The Tennessee Wildlife Resources Agency has not updated the state’s endangered species list in 16 years, although it is required to do so every two years according to state law.

That was one of several findings in a report just released by the Tennessee State Comptroller’s office.

Every state agency is routinely audited by the comptroller’s office. It is all part of the continuing “checks & balances” we call democracy. It is the job of an auditor to do his or her best to poke into every nook and cranny, trying to reveal cracks and flaws in the system. Whenever their reports are released, they often read like gloom and doom. Based on previous TWRA audits I’ve read, however, the Agency fared well this time around.

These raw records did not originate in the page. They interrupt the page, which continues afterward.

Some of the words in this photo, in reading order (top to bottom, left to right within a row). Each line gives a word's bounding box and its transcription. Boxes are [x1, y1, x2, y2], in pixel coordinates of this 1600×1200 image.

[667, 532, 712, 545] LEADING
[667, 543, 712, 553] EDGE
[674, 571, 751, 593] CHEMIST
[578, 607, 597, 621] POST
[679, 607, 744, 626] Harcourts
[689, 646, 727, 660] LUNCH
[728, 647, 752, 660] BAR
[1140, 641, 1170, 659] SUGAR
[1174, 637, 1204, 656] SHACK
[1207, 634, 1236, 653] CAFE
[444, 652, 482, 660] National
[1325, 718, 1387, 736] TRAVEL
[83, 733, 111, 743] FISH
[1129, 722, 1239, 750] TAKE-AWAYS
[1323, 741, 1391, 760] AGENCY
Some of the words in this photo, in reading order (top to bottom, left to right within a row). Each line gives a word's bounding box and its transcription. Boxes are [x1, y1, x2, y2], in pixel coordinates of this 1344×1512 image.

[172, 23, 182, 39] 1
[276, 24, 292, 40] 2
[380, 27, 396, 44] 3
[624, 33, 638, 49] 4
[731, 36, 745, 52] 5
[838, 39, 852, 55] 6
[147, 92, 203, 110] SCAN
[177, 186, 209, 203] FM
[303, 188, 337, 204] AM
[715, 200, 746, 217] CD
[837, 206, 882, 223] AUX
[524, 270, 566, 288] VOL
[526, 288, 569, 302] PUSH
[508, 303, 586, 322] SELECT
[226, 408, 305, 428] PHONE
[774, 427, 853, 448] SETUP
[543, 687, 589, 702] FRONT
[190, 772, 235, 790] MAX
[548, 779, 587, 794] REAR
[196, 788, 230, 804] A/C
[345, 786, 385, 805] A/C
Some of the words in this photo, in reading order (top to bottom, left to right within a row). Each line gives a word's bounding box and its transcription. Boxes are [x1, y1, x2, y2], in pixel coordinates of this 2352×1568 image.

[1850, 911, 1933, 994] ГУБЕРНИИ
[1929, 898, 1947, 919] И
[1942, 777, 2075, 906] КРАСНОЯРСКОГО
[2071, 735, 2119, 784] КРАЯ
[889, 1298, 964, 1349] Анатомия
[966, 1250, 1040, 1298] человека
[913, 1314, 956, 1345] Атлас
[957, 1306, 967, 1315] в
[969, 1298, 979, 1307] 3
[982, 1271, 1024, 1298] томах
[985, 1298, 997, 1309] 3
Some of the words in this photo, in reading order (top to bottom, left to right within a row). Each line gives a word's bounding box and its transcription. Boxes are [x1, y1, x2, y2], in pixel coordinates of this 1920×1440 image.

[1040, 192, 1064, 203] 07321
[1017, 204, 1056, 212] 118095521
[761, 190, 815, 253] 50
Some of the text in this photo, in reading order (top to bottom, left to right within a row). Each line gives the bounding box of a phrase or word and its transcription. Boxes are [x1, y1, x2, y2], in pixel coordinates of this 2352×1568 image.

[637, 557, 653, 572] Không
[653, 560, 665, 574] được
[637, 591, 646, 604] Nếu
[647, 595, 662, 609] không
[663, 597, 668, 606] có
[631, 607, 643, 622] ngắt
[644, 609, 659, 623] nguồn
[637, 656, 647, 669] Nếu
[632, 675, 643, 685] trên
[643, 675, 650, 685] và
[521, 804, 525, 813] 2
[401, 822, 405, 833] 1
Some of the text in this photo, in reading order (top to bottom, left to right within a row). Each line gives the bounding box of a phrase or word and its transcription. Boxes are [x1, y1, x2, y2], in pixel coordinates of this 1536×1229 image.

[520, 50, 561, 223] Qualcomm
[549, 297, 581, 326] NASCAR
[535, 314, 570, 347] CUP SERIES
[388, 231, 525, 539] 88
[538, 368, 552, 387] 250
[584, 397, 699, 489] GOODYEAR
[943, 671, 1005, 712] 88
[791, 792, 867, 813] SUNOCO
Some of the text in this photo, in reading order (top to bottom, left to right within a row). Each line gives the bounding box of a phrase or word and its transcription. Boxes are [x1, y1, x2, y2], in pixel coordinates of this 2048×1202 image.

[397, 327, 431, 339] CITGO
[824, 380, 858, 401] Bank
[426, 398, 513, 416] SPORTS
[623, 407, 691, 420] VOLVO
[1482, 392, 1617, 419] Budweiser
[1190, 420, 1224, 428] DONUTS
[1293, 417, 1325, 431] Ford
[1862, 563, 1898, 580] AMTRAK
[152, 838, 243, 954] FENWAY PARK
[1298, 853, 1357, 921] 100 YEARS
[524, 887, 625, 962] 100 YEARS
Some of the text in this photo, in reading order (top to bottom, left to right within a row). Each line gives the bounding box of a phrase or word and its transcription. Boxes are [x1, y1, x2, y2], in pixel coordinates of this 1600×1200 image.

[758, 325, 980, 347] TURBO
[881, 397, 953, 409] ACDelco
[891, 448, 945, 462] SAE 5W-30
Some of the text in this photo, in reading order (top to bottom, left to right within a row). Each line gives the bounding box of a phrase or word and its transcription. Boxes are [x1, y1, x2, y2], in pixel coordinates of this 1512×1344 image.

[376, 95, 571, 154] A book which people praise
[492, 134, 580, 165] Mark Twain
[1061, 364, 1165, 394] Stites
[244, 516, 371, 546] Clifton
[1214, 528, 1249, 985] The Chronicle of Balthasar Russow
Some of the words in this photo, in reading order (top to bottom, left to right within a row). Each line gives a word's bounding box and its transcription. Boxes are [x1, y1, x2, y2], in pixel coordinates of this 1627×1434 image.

In 2007 TWRA got lambasted by auditors after, “A wildlife supervisor authorized two workers to take sick days so they could do private work for him.”

In 2009 auditors found that, “TWRA has little oversight and control over cooperative farming contracts, in spite of the fact that state auditors pointed out the same problem in two previous audits, and TWRA officials agreeing that improvements would be made.”

Not mentioned in any other news report I’ve read about the most recent audit to date is that, “The agency has corrected all prior audit findings, including those related to state payment cards, equipment, crop leases, conflicts of interest, and Remote Easy Access Licensing System computer access.”

“Endangered species” is a great catch phrase and any mention of any failure in that regard implies horrific things for our state’s most imperiled wildlife. Read deeper into the comptroller’s audit however and one finds no failure in actually caring for endangered species. Only that it has failed to cut through the federal red tape involved in documenting how it is managing endangered species. In fact the Agency was already aware of the problem had already begun the process of correcting the issue long before auditors showed up.

In concurring with the findings of auditors, TWRA blames at least part of the delay on federal bureaucracy. Agency officials write, “The state [endangered species] plan was rewritten, updated, and gained federal approval in January of this year. The lapse in updating the current list was greatly influenced by the Federal mandate for each state to develop a State Wildlife Action Plan for non-game animals. The plan took two years to develop and had to be approved by the U.S. Fish and Wildlife Service.”

In their audit response they add, “It is important to note that TWRA has developed an aquatic imperiled species hatchery and has successfully reared a number of threatened and endangered species mussels and fish and has returned them to the wild.”

The audit also discusses the following issues: Chronic Wasting Disease (CWD) and the CWD Response Plan; Citation Fines Received by the Agency; Contract Monitoring; Brandt Information Services for Licenses and Registration; Animal Disease Testing; Non-motorized Boats—Emerging Issue; and Fisheries Division Hatcheries.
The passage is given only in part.